8 Popular Relationship Beliefs That Are Toxic To Lasting Love

popular relationship beliefs that are toxic to lasting love

Most of us hold on to certain beliefs that we think will make our relationships better and deeper without even realizing that these may actually be toxic for us. There are some common damaging relationship beliefs that turn your healthy relationship toxic and lead to an eventual breakup.

Love is in the air, love is everywhere.

Turn on your TV or scroll through your social media accounts and you’ll see how much attention romantic relationships receive. You’ll see blog posts, YouTube videos, and podcasts illuminating the virtues and dramas of love.

The popular story of Romeo and Juliet tells us about a love so “powerful” that within three days both partners take their own lives for “love.” Or how about the popular movie The Notebook:

It’s a story of a roller-coaster relationship. Not to mention an affair. And despite the toxicity of what we witness on the screen, this movie pulls on our heartstrings and gives hope for lasting love.

While sensational drama sells movie tickets, it doesn’t make love last.¹

According to observational research on 3,000 plus couples by Dr. Gottman, the keys to a healthy relationship are a lack of emotional drama during the conflict, a full commitment to the relationship, and partners cherishing one another during the daily grind of life.

Related: 5 Damaging Mindsets Keeping You From A Happy Relationship

With this research in mind, I started pondering, what messages are promoted that convince us to tolerate unhealthy relationships?

Below are eight typical Relationship Beliefs That Are Damaging and Toxic to Lasting Love

popular relationship beliefs that are toxic to lasting love info
8 Popular Relationship Beliefs That Are Toxic To Lasting Love

1. Love is all we need.

There are two arguments here.

1. The first is that love is enough to last us a lifetime.

However, the reality is that love is a choice that has to be made every single day, because in most marriages, especially after a new family member arrives, lovers stop romancing each other and stop making time for connection and fun. They lose touch with each other.

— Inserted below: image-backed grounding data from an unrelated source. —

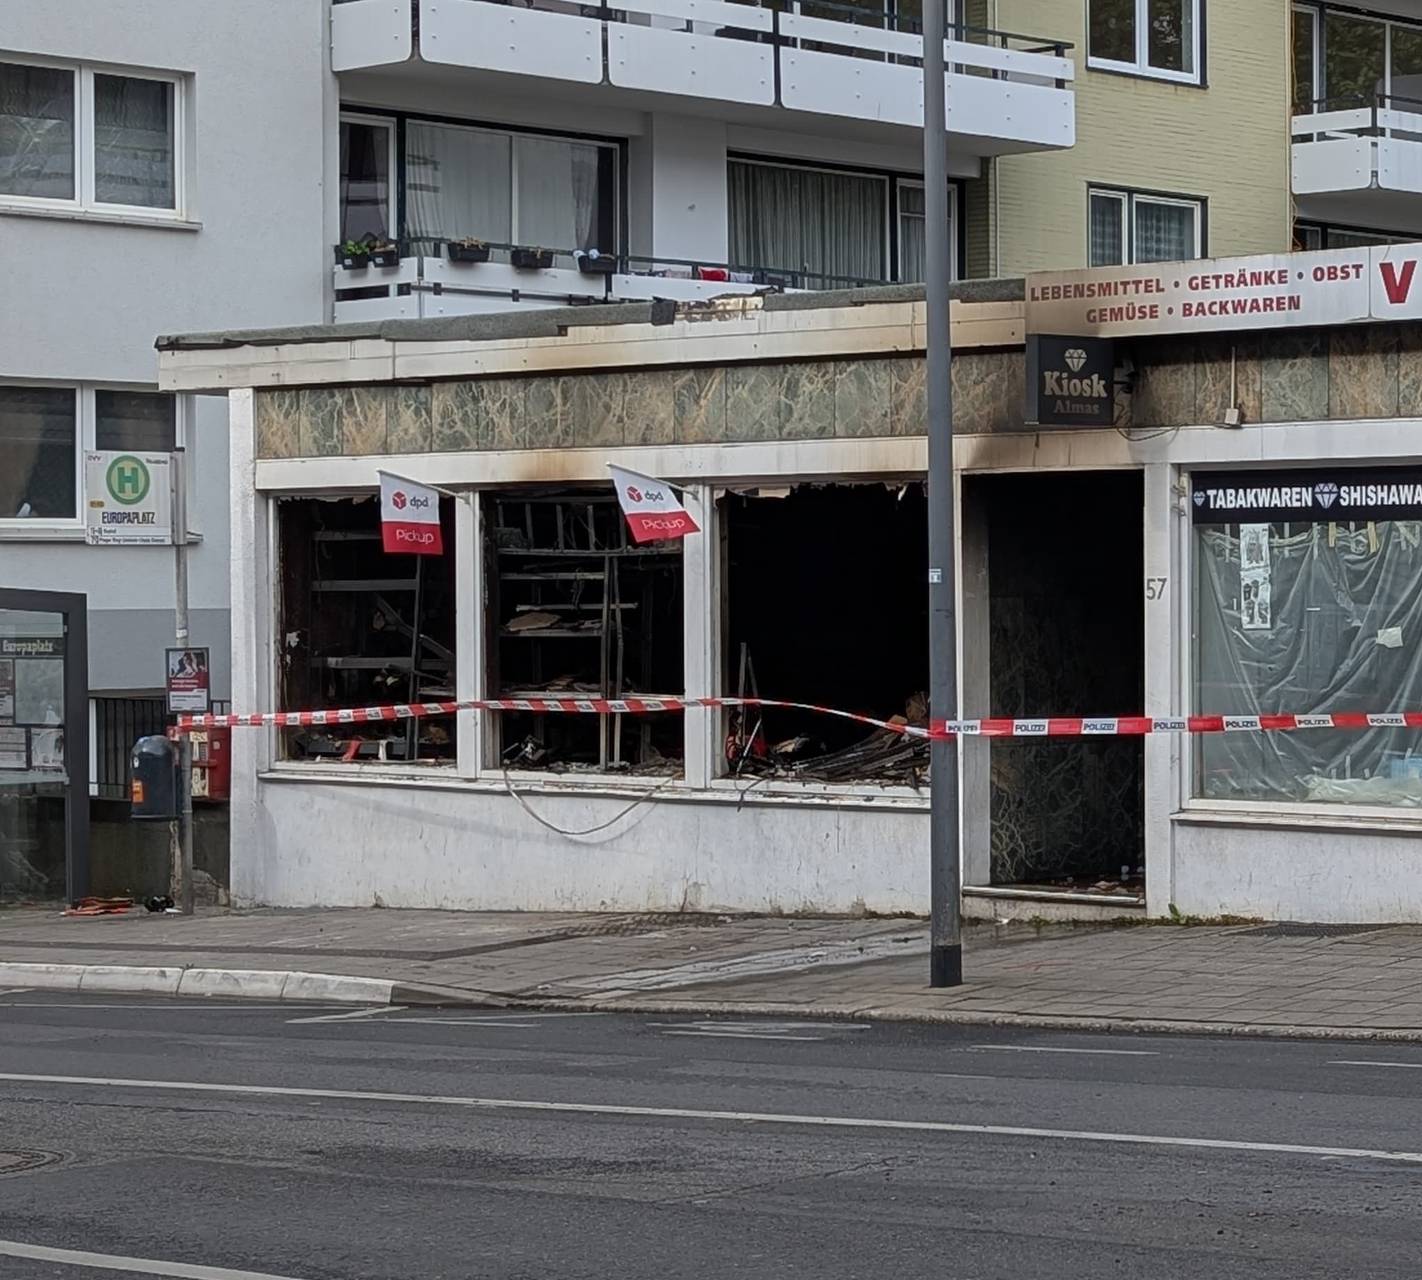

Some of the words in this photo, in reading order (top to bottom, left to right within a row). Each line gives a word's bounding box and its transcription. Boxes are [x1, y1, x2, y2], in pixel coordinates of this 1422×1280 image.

[1030, 277, 1165, 301] LEBENSMITTEL
[1187, 268, 1289, 292] GETRÄNKE
[1312, 263, 1364, 282] OBST
[1085, 303, 1160, 325] GEMÜSE
[1181, 295, 1301, 317] BACKWAREN
[1043, 370, 1108, 398] Kiosk
[1053, 399, 1101, 414] Almas
[410, 496, 429, 508] dpd
[644, 490, 664, 503] dpd
[1206, 487, 1313, 509] TABAKWAREN
[101, 511, 156, 525] EUROPAPLATZ
[641, 518, 686, 531] Pickup
[396, 529, 434, 545] Pickup
[1145, 577, 1168, 600] 57
[1015, 724, 1046, 732] POLIZEI
[1083, 723, 1115, 731] POLIZEI
[1154, 722, 1186, 730] POLIZEI
[1225, 720, 1258, 728] POLIZEI
[1298, 718, 1331, 726] POLIZEI

When the stress of a newborn enters a relationship, it’s not uncommon for a couple to neglect one another to focus on completing the never-ending to-do list. Sadly, over time these practical duties become all they talk about. Rather than being lovers, they turn into housemates.

Making love last a lifetime requires much more than a feeling. It requires intentional action to keep the friendship strong and the flames of romance burning bright.

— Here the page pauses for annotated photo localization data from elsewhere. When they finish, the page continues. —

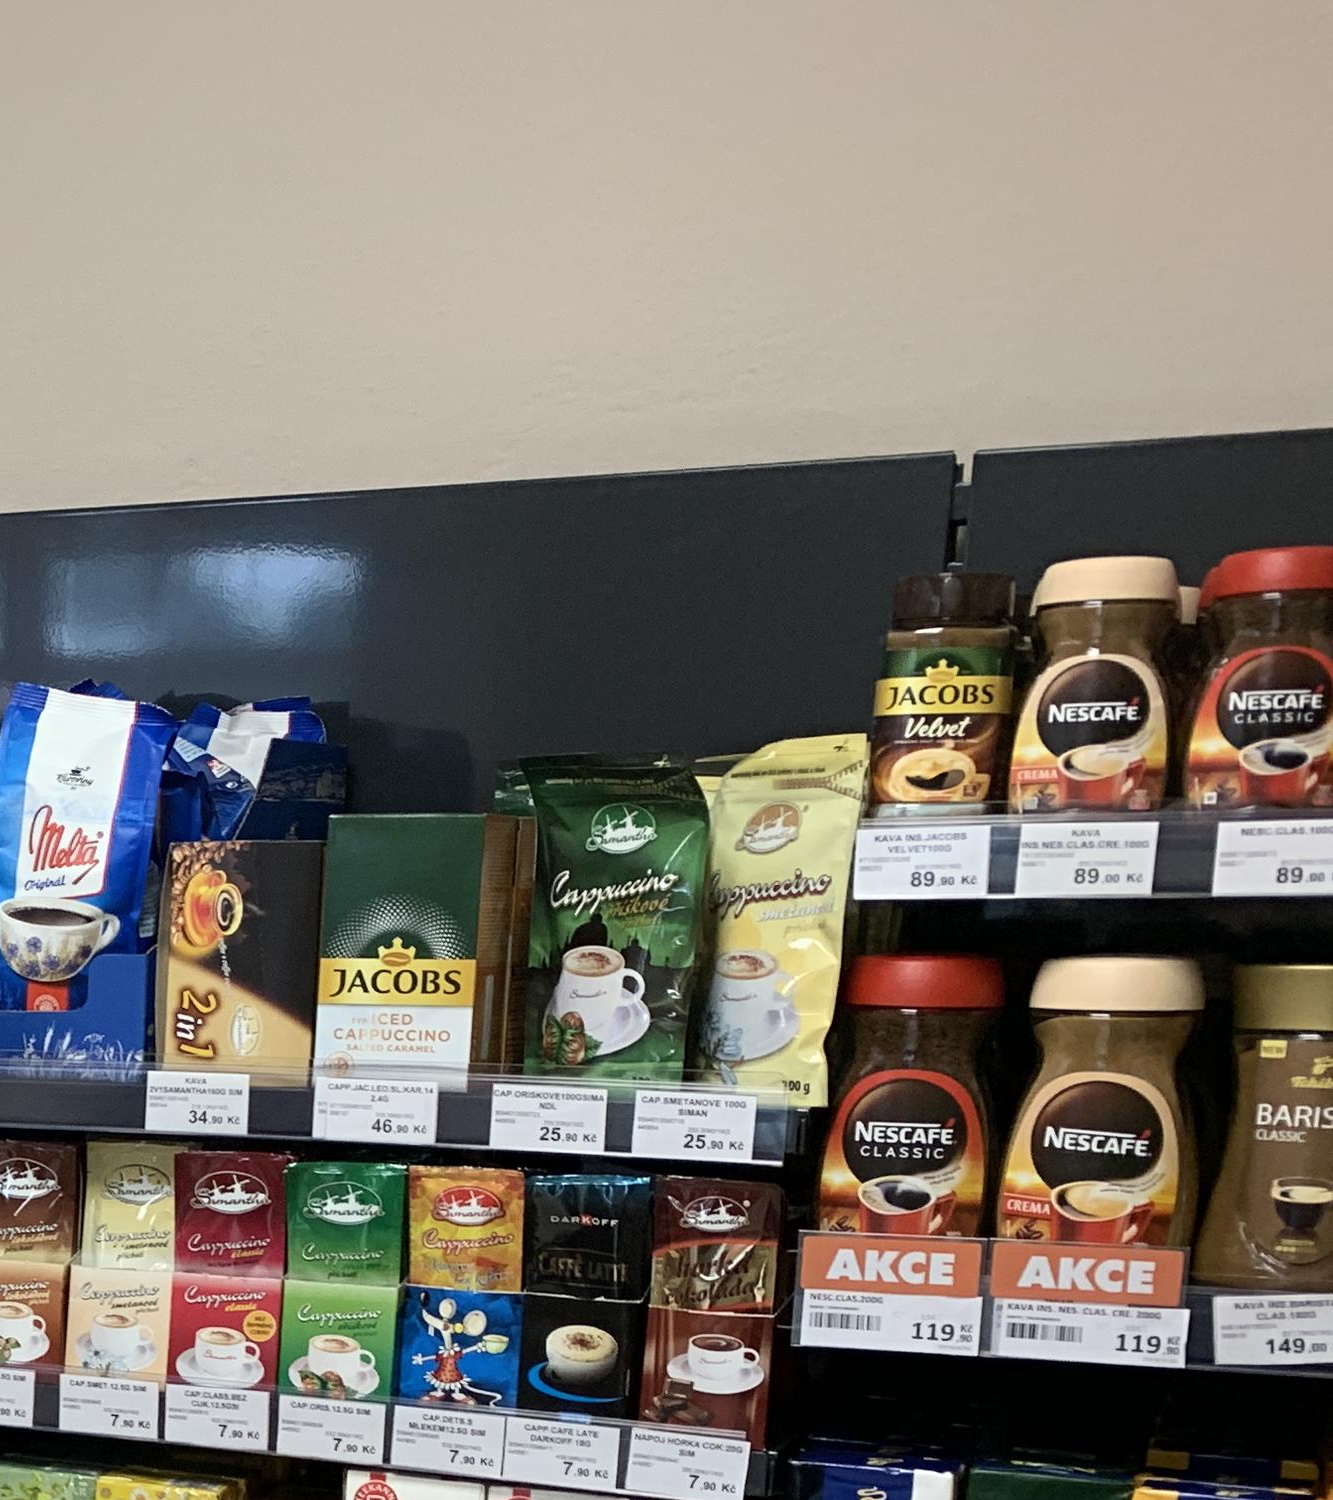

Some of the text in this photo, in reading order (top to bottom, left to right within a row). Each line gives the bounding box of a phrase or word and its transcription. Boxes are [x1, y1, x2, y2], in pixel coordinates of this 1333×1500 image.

[886, 684, 994, 709] JACOBS
[1048, 696, 1141, 723] NESCAFÉ
[904, 715, 972, 739] Velvet
[1017, 768, 1057, 780] CREMA
[29, 804, 101, 886] Melta
[550, 868, 681, 917] Cappuccino
[331, 968, 461, 997] JACOBS
[333, 1027, 451, 1044] CAPPUCCINO
[678, 1108, 708, 1117] SIMAN
[413, 1124, 427, 1135] Kč
[854, 1118, 956, 1146] NESCAFÉ
[1255, 1129, 1306, 1143] CLASSIC
[729, 1139, 744, 1151] Kč
[1043, 1126, 1151, 1157] NESCAFÉ
[860, 1146, 944, 1160] CLASSIC
[1006, 1199, 1051, 1215] CREMA
[550, 1214, 619, 1227] DARKOFF
[187, 1234, 271, 1255] Cappuccino
[825, 1247, 955, 1286] AKCE
[1017, 1255, 1157, 1295] AKCE
[911, 1322, 955, 1342] 119
[1115, 1333, 1161, 1354] 119

2. The other issue with this Happily Ever After myth occurs with the most toxic relationship of all.

One partner becomes obsessed with the other partner as they lose themselves in the anxiety and insecurity of the relationship. They eagerly wait for text messages and become so preoccupied with making the relationship work, that they neglect their friendships, self-care, and personal interests. And despite all the red flags of an uncommitted romantic partner who is unpredictably available, we try to make things work.

Unfortunately, this myth embodies the relationship belief that everyone has the same capacity for closeness and intimacy, which is a mistaken belief. Research on adult attachment in romantic relationships highlights that people have different ways of recognizing and responding to intimacy in relationships.

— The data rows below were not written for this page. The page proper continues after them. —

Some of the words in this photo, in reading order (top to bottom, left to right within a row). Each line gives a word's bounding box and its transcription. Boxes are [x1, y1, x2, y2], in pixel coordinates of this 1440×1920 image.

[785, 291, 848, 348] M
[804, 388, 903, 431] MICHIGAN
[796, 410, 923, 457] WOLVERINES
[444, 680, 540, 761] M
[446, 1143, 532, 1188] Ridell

  • A secure person is comfortable with intimacy and is warm and loving.
  • A clingy person craves closeness and deeply fears that their partner will not love them back, leading them to become obsessed with their romantic partner. Ironically, these individuals tend to be attracted to distancers.
  • A distancer views intimacy as a loss of independence and therefore does their best to minimize closeness.

These attachment differences can lead to toxic battles over time together, conflicts that one partner wants to pursue and another wants to avoid, impersonal sex, not sharing or expressing feelings and needs, and a lack of commitment to one another.

Years and even decades later, these couples find themselves unhappily living parallel lives or in the process of separating if these mismatches do not get the attention or support they need in order to be navigated. Hint: Couple’s therapy.